Разговор получался скорострельный. Оттолкнувшись от субботника, Суворов хотел воззвать к сознанию инертных стройматериаловцев, но после раздумал, поняв, что свалка сама по себе – тема грандиозная, с тенденцией и корнями, и если не удалось пробиться в вотчину Ткачука, то свалку забором не отгородишь, можно обложить ее со всех сторон, кислород перекрыть кое-кому из бюрократов и зажимщиков…
Общественность пробуждалась не так быстро, как Суворов, зато основательней и самым неожиданным образом. В столице добровольцы восстанавливали памятники старины, отвоевав их у чиновников, скорых на расправу с ветхой застройкой во имя кубов и премий. Работали даром, в свободное время. «Ненормальные, с жиру бесятся!» – толковали про них, пока доброхотов были единицы. Когда счет пошел на сотни и тысячи, «ненормальность» стала нормой и никто уже не крутил пальцем у виска и не смеялся, когда по требованию активистов был заглублен радиус метро, чтобы не тревожить старой застройки, и ревизован памятник на Поклонной горе, лихо расправлявшийся с прилегавшей территорией. С некоторых пор общественность ревизовала также планы министерства мелиорации и осаживала чиновников, невзирая на ранги.
«Значит, можем? – спрашивал себя Суворов. – А мы чем хуже?» Горы под рукой не было, памятника в городе под небеса тоже, чтобы его подкосить, со старинной застройкой в городе успели разделаться загодя, словно предвидя грядущие осложнения с гласностью и демократией. Зато была вода в реке, какая москвичам не снилась…
Годами стучались в глухие кабинеты насчет реки. Она никому не мешала, тихая и покорная, как старая жена, хвастать которой срок прошел, и место ее на кухне. А в кухне, понятное дело, антураж, запах и помойное ведро. Речка вспоила молодец-город, но инфантильный крепыш сосал и сосал мамашу, не соображая, и грозил свести на нет, стоптать крепкими ножками, искривить и загнать в землю. А чуть что – подымал басовитый рев, дескать, речка – дело второе, а первое – план, рост, товарный вал, реализация, контрольные показатели. Против них не попрешь, в законе вписаны…

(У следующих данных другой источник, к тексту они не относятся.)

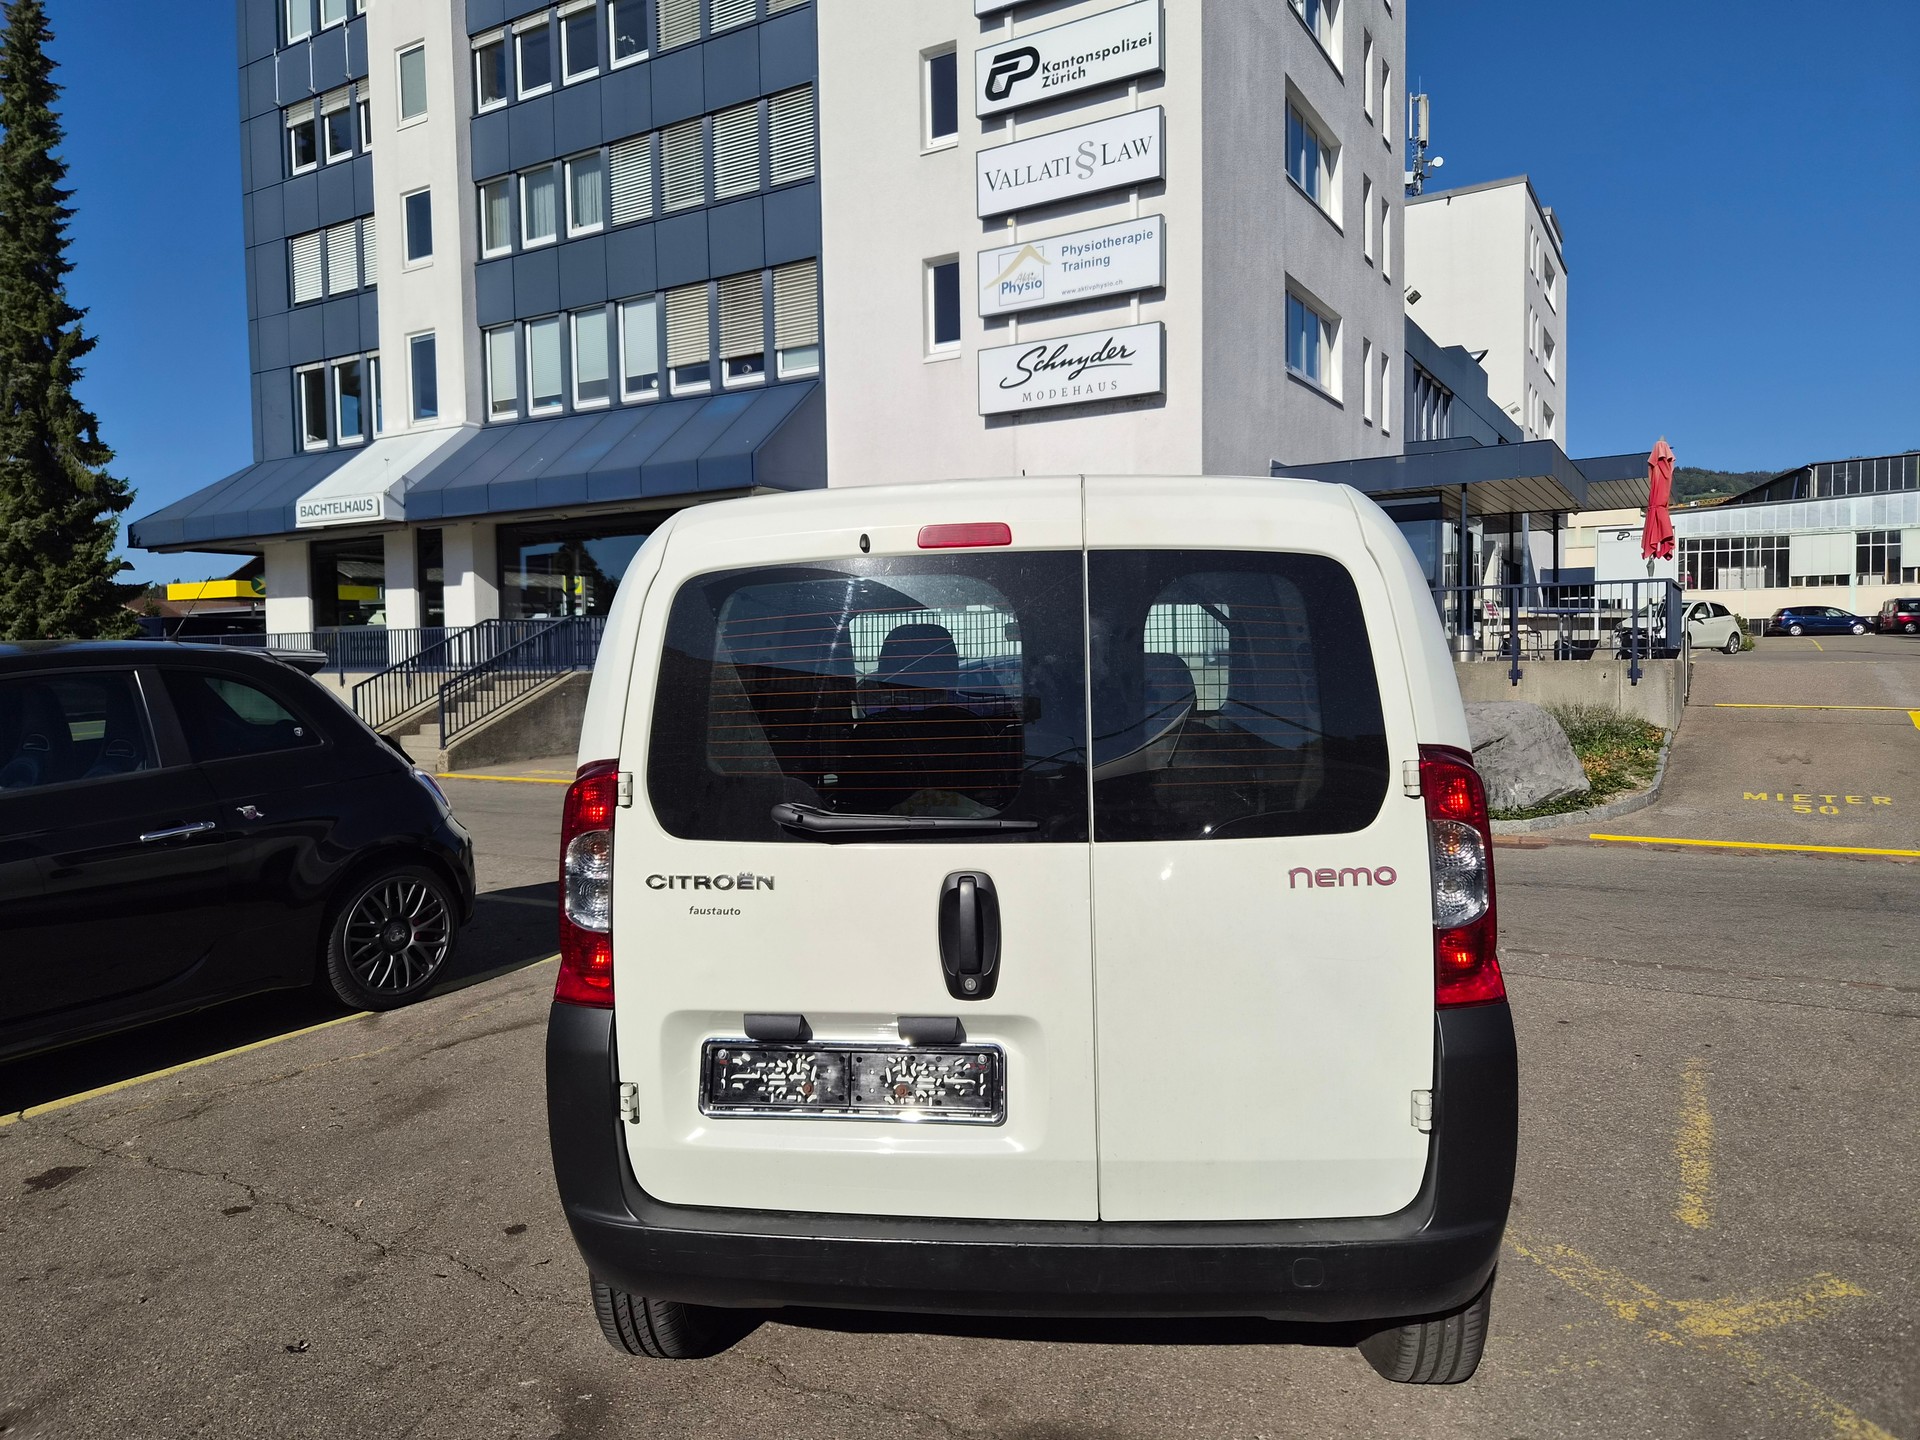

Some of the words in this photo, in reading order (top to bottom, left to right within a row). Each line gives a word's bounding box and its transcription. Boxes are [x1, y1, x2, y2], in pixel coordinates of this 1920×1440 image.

[1041, 32, 1153, 75] Kantonspolizei
[1041, 66, 1086, 89] Zürich
[984, 156, 1071, 192] VALLATI
[1101, 136, 1153, 167] LAW
[1061, 229, 1154, 257] Physiotherapie
[1061, 255, 1111, 273] Training
[1001, 279, 1043, 296] Physio
[1061, 279, 1124, 296] www.aktivphysio.ch
[999, 336, 1137, 390] Schnyder
[1022, 380, 1119, 403] MODEHAUS
[300, 499, 374, 518] BACHTELHAUS
[1743, 792, 1893, 806] MIETER
[1792, 804, 1840, 815] 50
[645, 871, 775, 891] CITROËN
[1288, 866, 1398, 889] nemo
[688, 905, 742, 916] faustauto
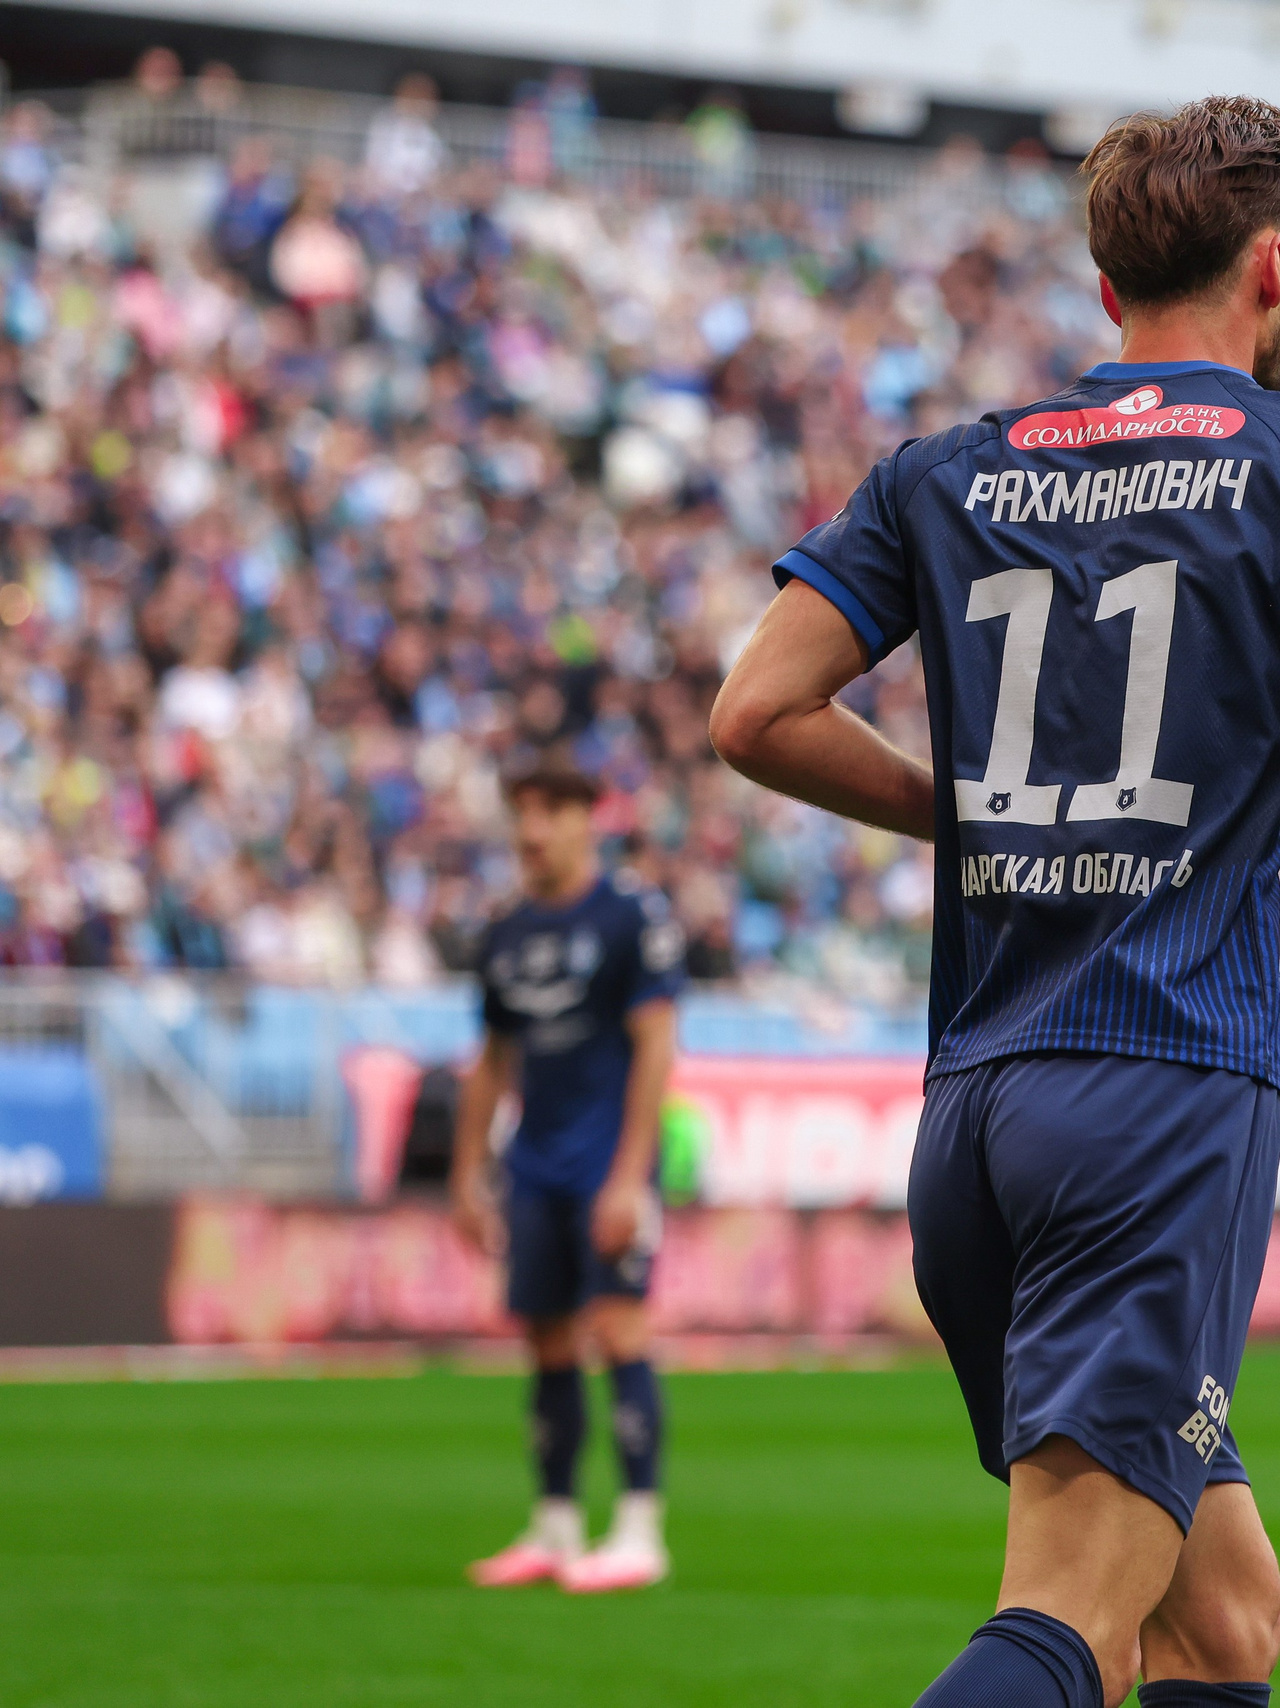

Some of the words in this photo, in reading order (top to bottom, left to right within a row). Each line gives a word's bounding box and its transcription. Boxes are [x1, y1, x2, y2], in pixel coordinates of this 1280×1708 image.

[1022, 417, 1225, 447] СОЛИДАРНОСТЬ
[1172, 407, 1223, 419] БАНК
[964, 459, 1252, 523] РАХМАНОВИЧ
[953, 559, 1194, 827] 11
[1072, 849, 1193, 898] ОБЛАСЬ
[1197, 1374, 1230, 1434] FON
[1177, 1409, 1221, 1465] BET
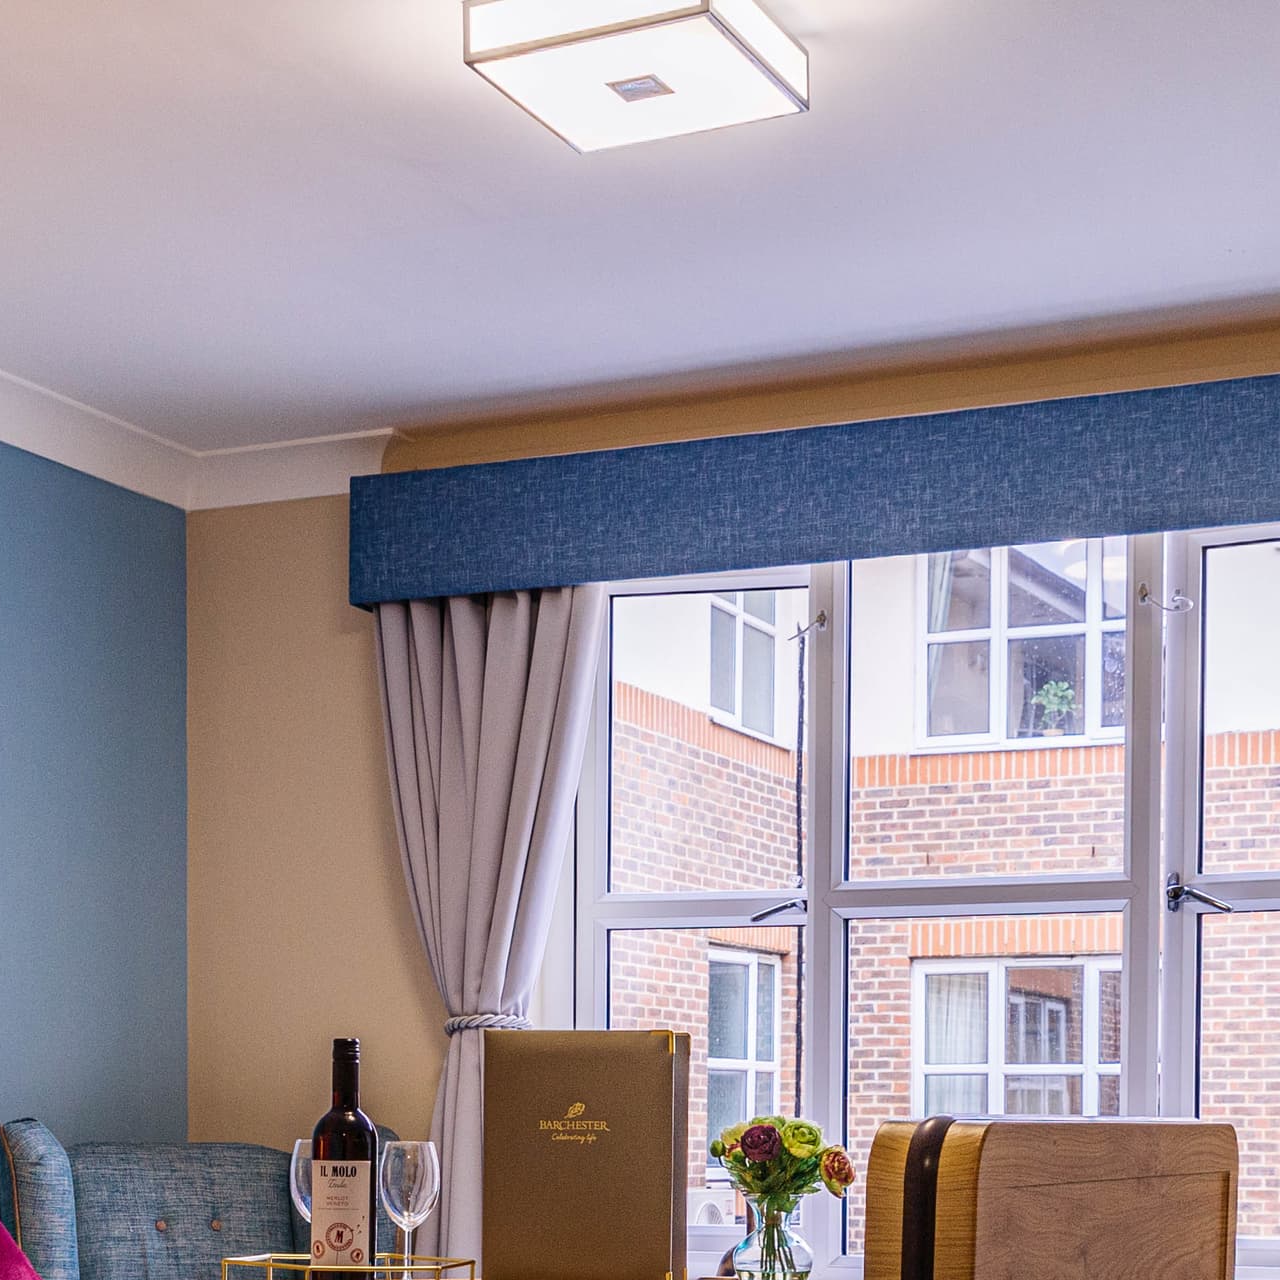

По правде сказать, даже упрямец Суворов махнул рукой и тему реанимации реки считал безнадежной. Оставалось лишь поставить крест за упокой страдалицы. Вечная па-а-амять… В журналистской практике уже встречались факты обращения светлых вод в сточные канавы. Суворов рисковал и шел первым, но нашелся в местной газете «сдвинутый», который предложил желающим выйти утречком к реке и под музыку в темпе аэробики попытаться вытащить из воды, кто что может: ржавую посуду, битое стекло, черную покрышку от трактора, тряпье… Река вздохнет, и на том спасибо, граждане!
Люди заметили набранное робко, несмело, мелким шрифтом обращение, кто не прочитал, тому передали. В редакции гадали не без душевной дрожи: придут? К речке? Если бы… С сотни по одному – десять тысяч. Сила! Из тысячи по одному – тысяча! Даже один из десяти тысяч устроил бы газету. Реально? Вполне. Разучилась газета чувствовать конъюнктуру и понимать людей, и это понятно, не за тем ее раньше издавали, чтобы самовольничать с ржавыми ведрами и прочими пустяками. Откликнулось двадцать человек. Редакция взгрустнула и подвела итог. Дескать, спасибочки, ожидали большего, людского наплыва на берега, наводнения. «Это полумеры, – изложил особое мнение кто-то из читателей, – много ли сделаешь голыми руками?» В отряд записалось 0,0017 процента населения, хотя воду пили все сто процентов, парились тоже, щи хлебали и чаек заваривали…
«Цифры настраивают на вывод: река в городе такая, какой мы с вами достойны», – подытожила с обидой газета. Было предложение создать не отряд, а клуб добровольцев «Река».
Суворов воспламенился «Рекой», хотя и ревновал к газете. Теперь его черед: клуб «Отвал»! Объявит по радио. Жизнь дала импульс, толчок, побуждение. Лишь глухой его не слышал. В кузнечном цехе уже составился штаб.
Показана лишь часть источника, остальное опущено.